Task objective ::
The entries are to be duplicated exactly, though any picture in them must be omitted.

-------- Entries shown

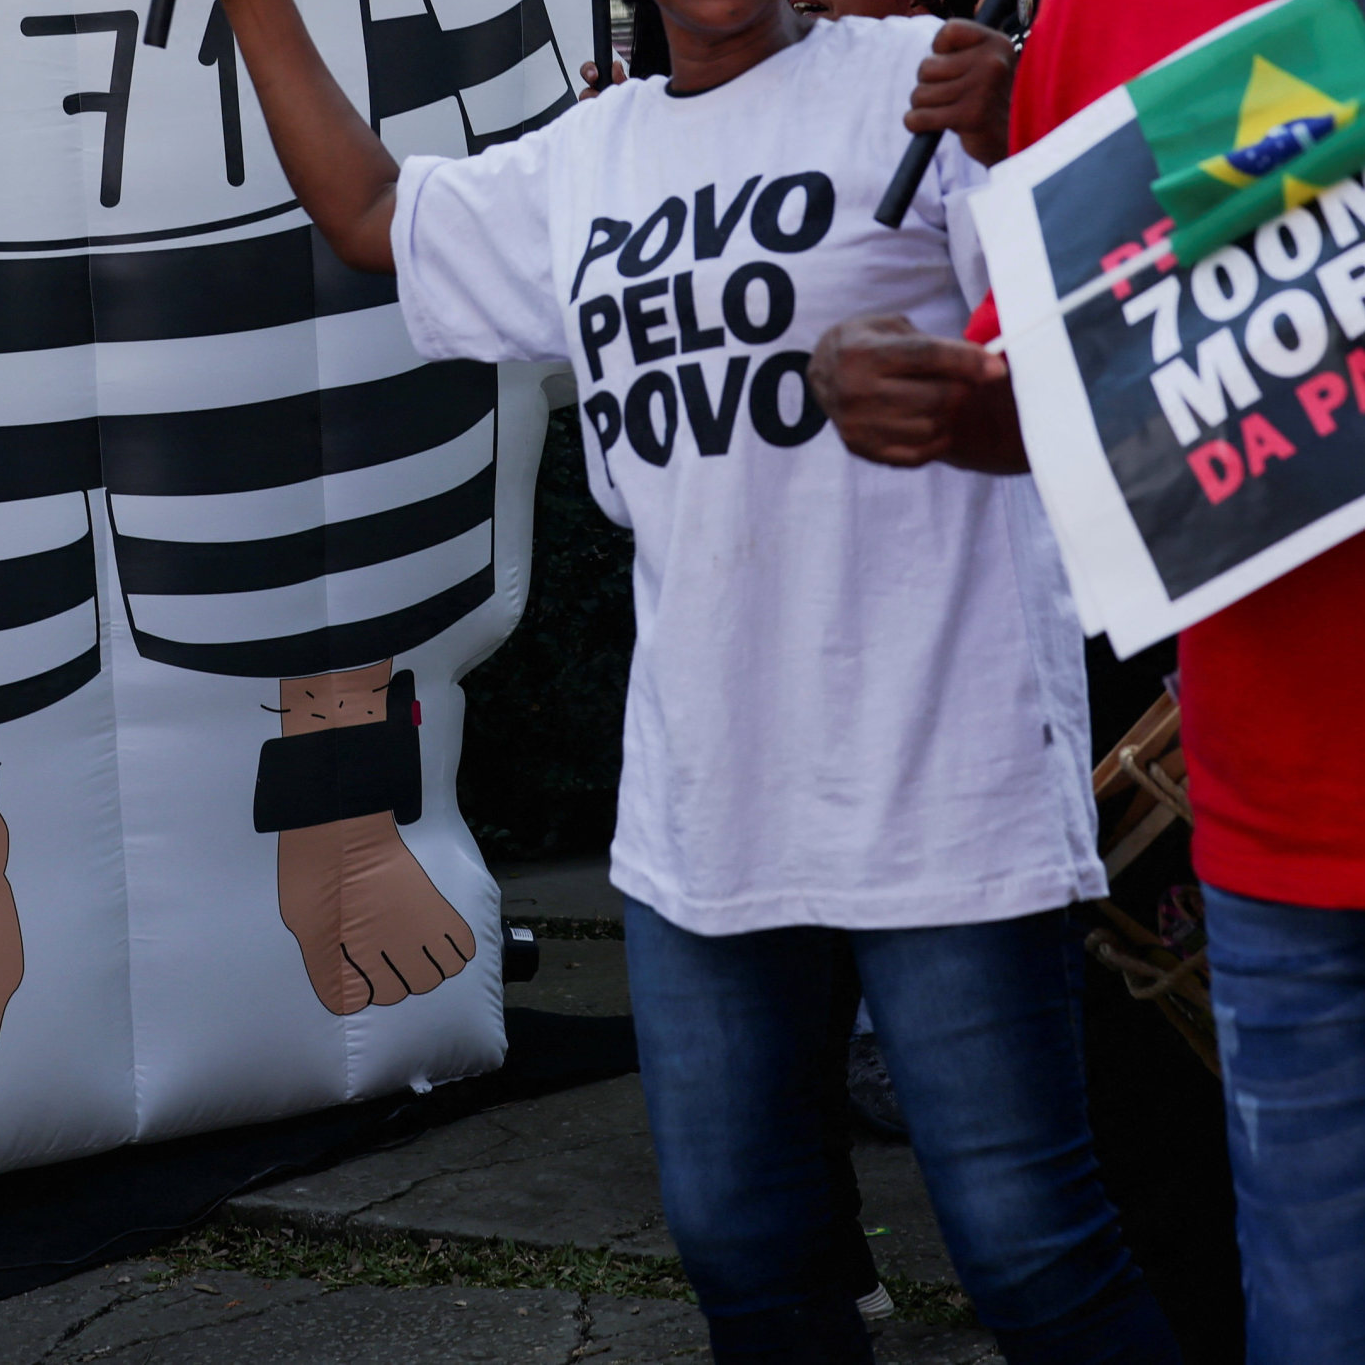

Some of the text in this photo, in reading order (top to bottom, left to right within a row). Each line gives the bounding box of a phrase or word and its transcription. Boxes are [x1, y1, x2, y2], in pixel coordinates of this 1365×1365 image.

[570, 170, 835, 305] POVO
[579, 261, 795, 382] PELO
[584, 350, 830, 488] POVO
[1186, 413, 1296, 507] DA

----------------

Output of the exercise ::
Some of the text in this photo, in reading order (top to bottom, left to right within a row). Each line gives the bounding box of a phrase or word and its transcription. Boxes are [x1, y1, x2, y2], in pixel coordinates of this 1365×1365 image.

[570, 170, 835, 305] POVO
[579, 261, 795, 382] PELO
[584, 350, 830, 488] POVO
[1186, 413, 1296, 507] DA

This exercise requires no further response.